SNL Bearings is that tiny but tough company from the NRB Bearings family, supplying needle roller bearings to auto OEMs like Bajaj, TVS, Maruti, and Tata Motors. Market cap is just ₹142 Cr, revenue barely ₹51 Cr, but profit margins a cool 25% OPM. At CMP ₹392, the company looks like the “middle-class cousin” of giants like Schaeffler and Bosch — small flat, steady job, pays dividends, but will never flaunt a Mercedes.
2. Introduction
Founded in 1983 with INA Germany tech collaboration, SNL Bearings makes anti-friction needle roller bearings. In the auto world, these are like the knees in your body: small, invisible, but without them, nothing moves.

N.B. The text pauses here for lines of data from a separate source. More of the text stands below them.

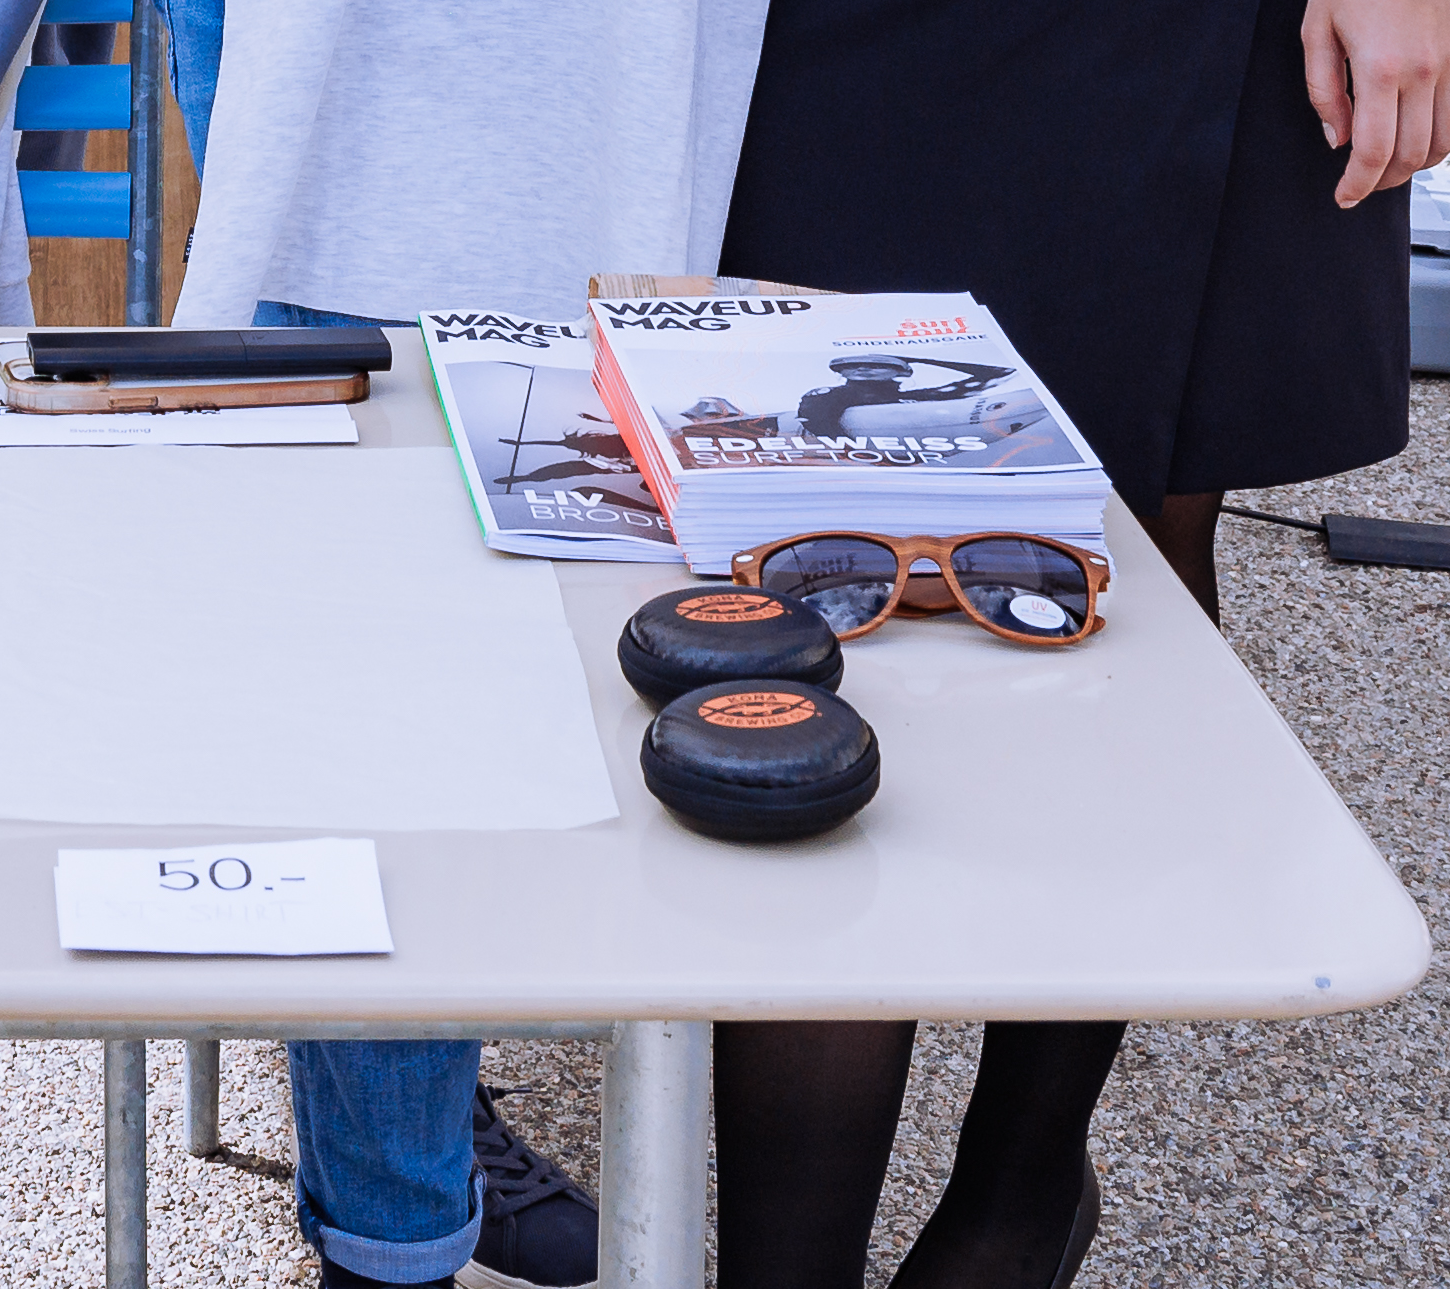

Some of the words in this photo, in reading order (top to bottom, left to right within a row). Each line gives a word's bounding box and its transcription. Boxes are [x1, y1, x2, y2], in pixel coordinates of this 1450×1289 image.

[600, 299, 812, 317] WAVEUP
[611, 316, 732, 332] MAG
[434, 327, 551, 349] MAG
[831, 333, 990, 348] SONDERAUSGABE
[684, 436, 989, 453] EDELWEISS
[694, 450, 808, 466] SURF
[815, 450, 949, 465] TOUR
[522, 488, 604, 508] LIV
[157, 857, 306, 892] 50.-

Today it’s under NRB Bearings, which ensures steady business but also makes it a junior partner. About 90% of revenues come from OEM supplies — not aftermarket. That means predictable orders, but also limited pricing power (OEMs squeeze vendors harder than a baniya uncle bargaining at wholesale market).
They’ve been growing slowly but consistently. Sales CAGR over 10 years is ~7%, profits CAGR ~9%. In short, boring but dependable.

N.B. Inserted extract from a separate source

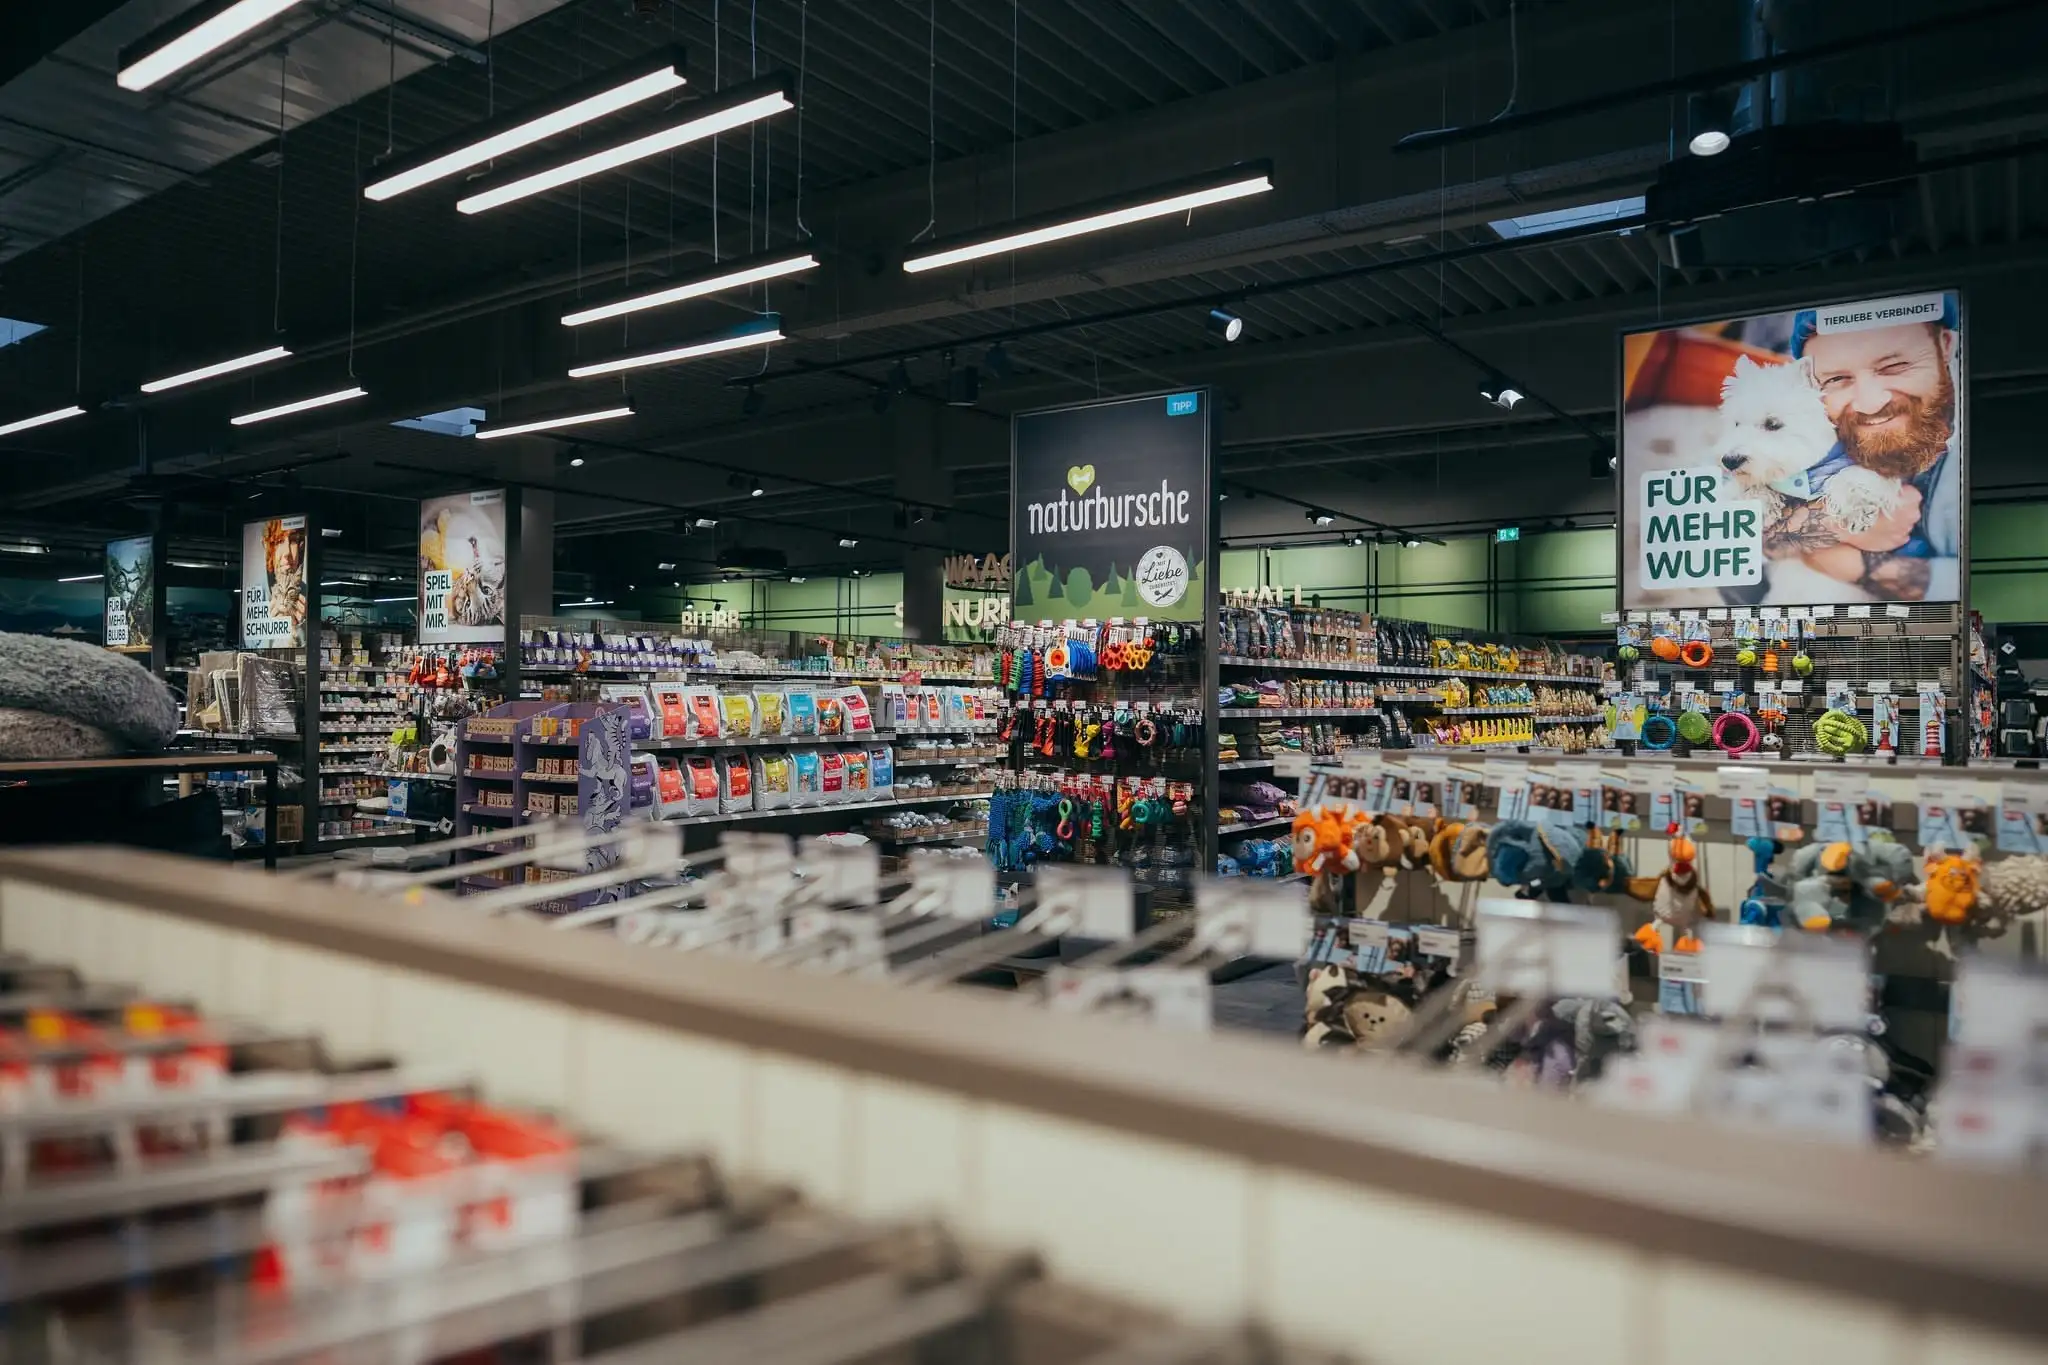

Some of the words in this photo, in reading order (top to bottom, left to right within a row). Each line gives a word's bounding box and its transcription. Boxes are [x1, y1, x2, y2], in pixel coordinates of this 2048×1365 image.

Reader check: would you prefer such a steady margin, debt-free, dividend-paying “boring” smallcap, or chase volatile SMEs with dreams bigger than their balance sheet?
3. Business Model (WTF Do They Even Do?)
Products: Small End Cages, Big End Cages, Needle Rollers, Cage Guided Shells, etc. (if this sounds like biology lab items, don’t worry — they’re all bearings).
This concentration means: if Bajaj sneezes, SNL catches cold. But being a niche bearing supplier gives stability because nobody replaces critical parts suppliers overnight.